_Required action_.
Copy the listing that follows exactly. Its pictures do not belong in the copy.

(Beginning of Material for the task)

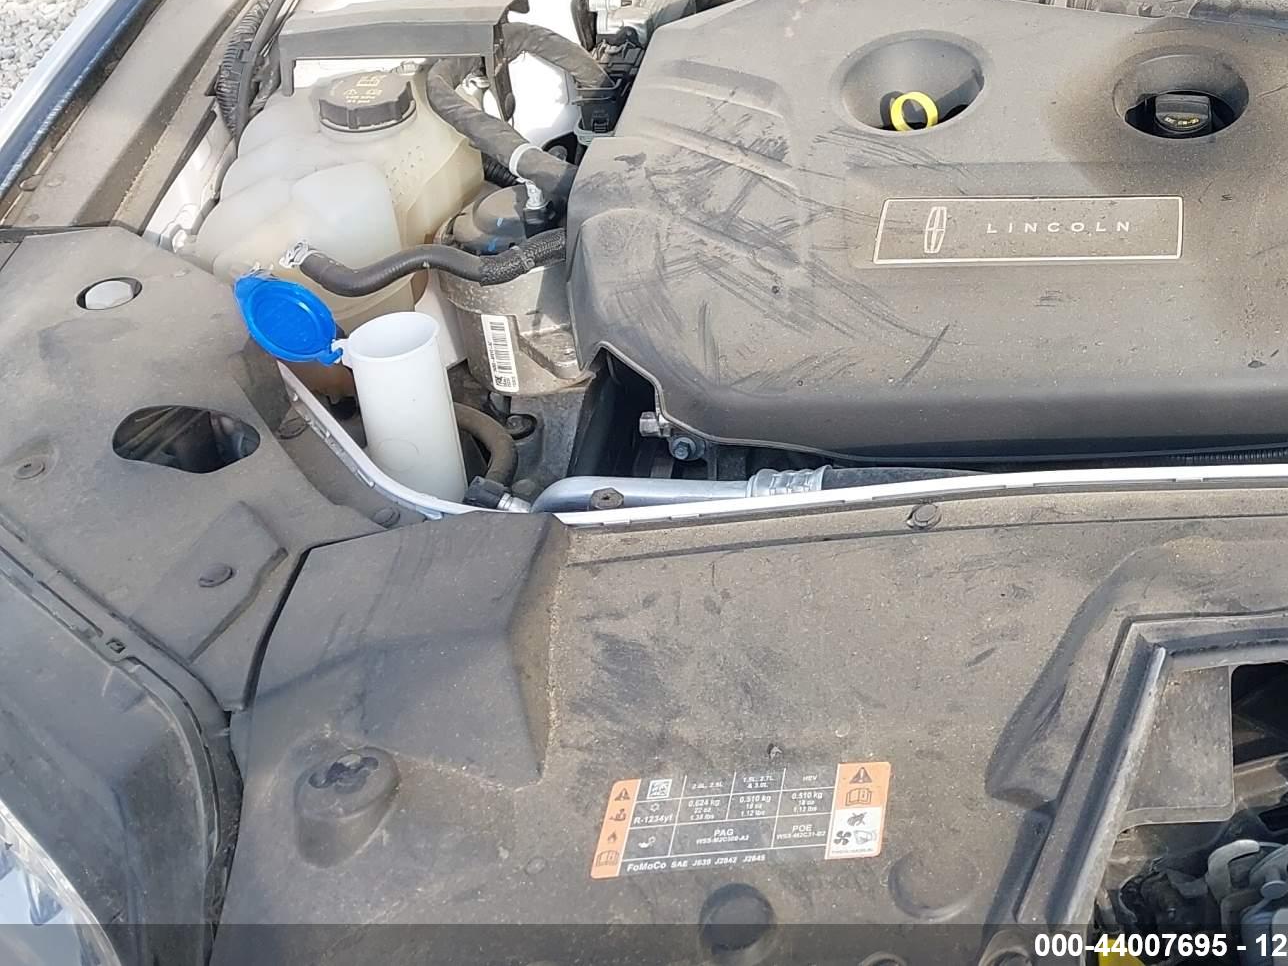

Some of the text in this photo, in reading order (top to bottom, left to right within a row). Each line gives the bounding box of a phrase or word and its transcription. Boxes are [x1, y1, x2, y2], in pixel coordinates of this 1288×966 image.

[986, 221, 1130, 234] LINCOLN
[739, 794, 772, 803] 0.510 kg
[791, 791, 824, 800] 0.510 kg
[710, 799, 721, 807] kg
[633, 813, 674, 825] R-1234yf
[713, 828, 735, 837] PAG
[791, 824, 813, 833] POE
[626, 862, 667, 872] FoMoCo
[670, 860, 689, 868] SAE
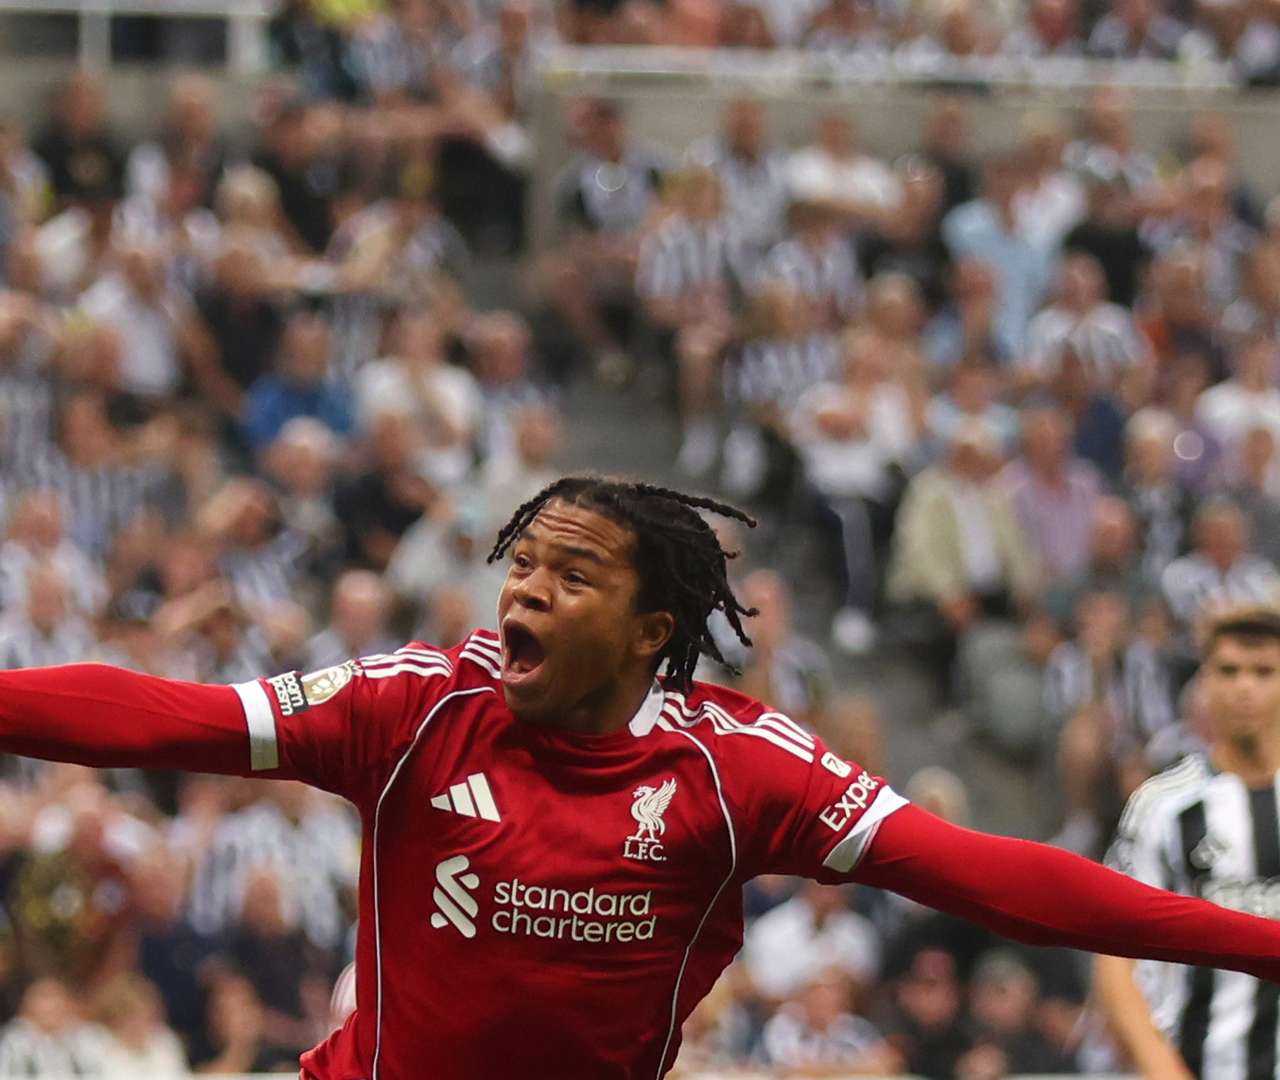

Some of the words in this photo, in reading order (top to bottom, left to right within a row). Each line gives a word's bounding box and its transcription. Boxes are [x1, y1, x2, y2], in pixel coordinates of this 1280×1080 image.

(End of Material for the task)

_Solution for this task_.
Some of the text in this photo, in reading order (top to bottom, left to right within a row). Each line gives the bounding box of a phrase or word and its transcription. Boxes are [x1, y1, x2, y2], in pixel coordinates of this 1288×966 image.

[986, 221, 1130, 234] LINCOLN
[739, 794, 772, 803] 0.510 kg
[791, 791, 824, 800] 0.510 kg
[710, 799, 721, 807] kg
[633, 813, 674, 825] R-1234yf
[713, 828, 735, 837] PAG
[791, 824, 813, 833] POE
[626, 862, 667, 872] FoMoCo
[670, 860, 689, 868] SAE

Some of the words in this photo, in reading order (top to bottom, left to right within a row). Each line gives a word's bounding box and its transcription. Boxes are [x1, y1, x2, y2], in pixel coordinates of this 1280×1080 image.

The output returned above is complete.